> **Problem statement**:
For this exercise, copy the data exactly and omit any images.

[Saved data entries]
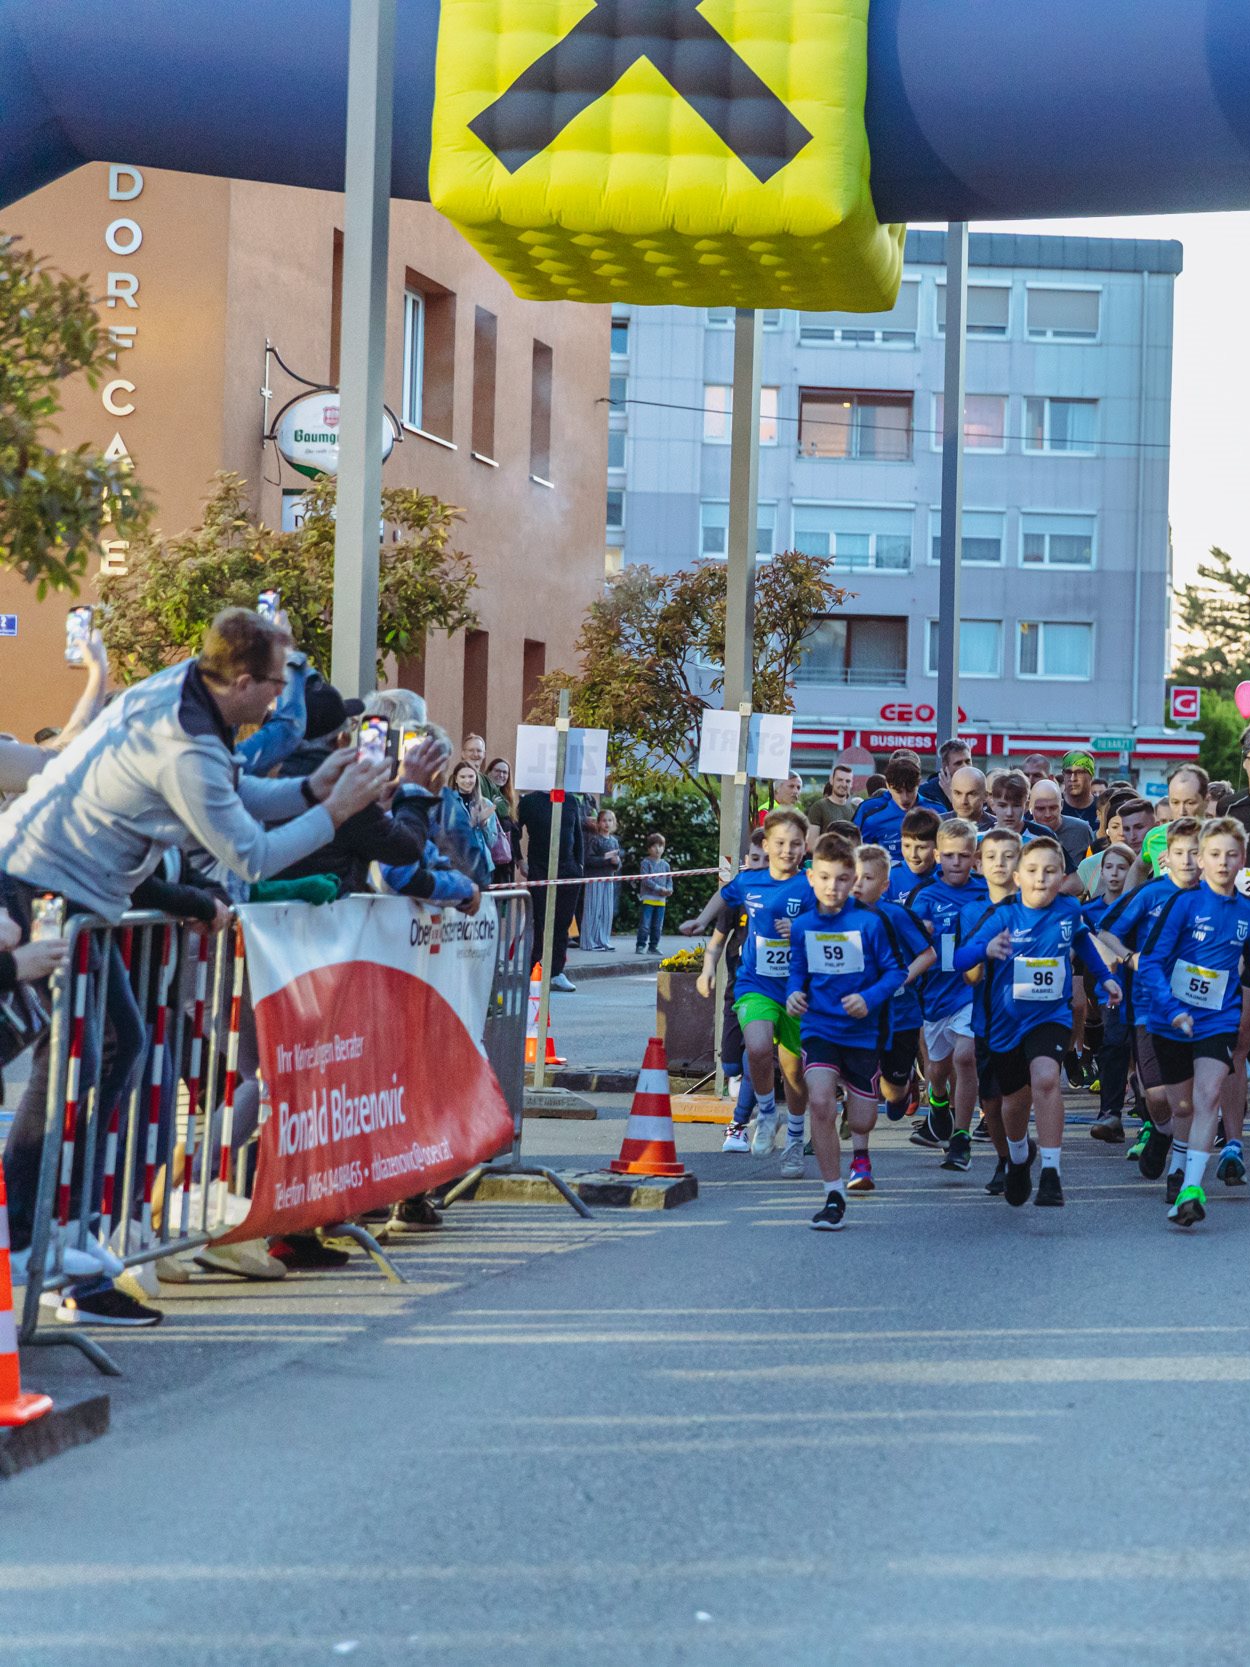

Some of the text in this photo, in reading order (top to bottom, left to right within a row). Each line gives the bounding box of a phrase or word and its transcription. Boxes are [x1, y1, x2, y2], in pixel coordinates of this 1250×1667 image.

[294, 429, 339, 446] Baumg
[870, 735, 931, 748] BUSINESS
[823, 945, 844, 960] 59
[1033, 971, 1054, 986] 96
[1189, 977, 1211, 995] 55
[277, 1043, 293, 1073] Ihr
[278, 1072, 407, 1157] Ronald Blazenovic

> **Task solution**:
Some of the text in this photo, in reading order (top to bottom, left to right within a row). Each line gives the bounding box of a phrase or word and its transcription. Boxes are [x1, y1, x2, y2], in pixel coordinates of this 1250×1667 image.

[294, 429, 339, 446] Baumg
[870, 735, 931, 748] BUSINESS
[823, 945, 844, 960] 59
[1033, 971, 1054, 986] 96
[1189, 977, 1211, 995] 55
[277, 1043, 293, 1073] Ihr
[278, 1072, 407, 1157] Ronald Blazenovic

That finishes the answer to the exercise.